The two Army systems consist of bilayer (hard-soft) foam pads within a water-resistant airtight wrapper. One of the NFL systems consists of a thin foam pad and a hollow air-filled cylinder that buckles under load, and the other is a bilayer foam pad surrounded by a covering with air-relief channels that connect to adjacent pads in the helmet. The fifth pad consists of uniformly dense foam.

A combination of experiments and computational simulations were used to study the response of the various protective systems when pitted against battlefield-relevant impacts. The information gathered helped researchers gain an understanding of how each of the helmet pads provide protection against impact.

A researcher who read the report relates in simple terms what the scientific findings were. “For each of the pads, experiments were conducted so the research team could characterize the properties of each of the components within the helmet system.

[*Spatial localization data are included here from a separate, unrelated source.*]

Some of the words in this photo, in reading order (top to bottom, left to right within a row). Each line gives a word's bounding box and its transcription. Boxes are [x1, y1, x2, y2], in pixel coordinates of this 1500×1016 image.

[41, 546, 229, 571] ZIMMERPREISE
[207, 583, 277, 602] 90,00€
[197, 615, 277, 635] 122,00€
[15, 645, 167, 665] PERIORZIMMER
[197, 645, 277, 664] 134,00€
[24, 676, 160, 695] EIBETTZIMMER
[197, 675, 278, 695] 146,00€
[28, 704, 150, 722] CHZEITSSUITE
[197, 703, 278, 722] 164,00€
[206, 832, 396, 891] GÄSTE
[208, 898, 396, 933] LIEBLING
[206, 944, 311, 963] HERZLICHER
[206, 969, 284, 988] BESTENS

They also observed the response of the complete pad system. The tests were given in a range of impact velocities to ensure accurate answers.

After the testing in Nassau, computational simulations examined how those various parameters affect the system’s general response to impacts. The materials of the foam, pad thickness, pad area, trapped air, etc. were some of the parameters tested.

Drop tests with the actual materials were done to confirm the results of the simulations.
As a result of the teams exhaustive testing and simulation, they were able to recommend the use of a larger size helmet and thicker foam to reduce TBIs in the field.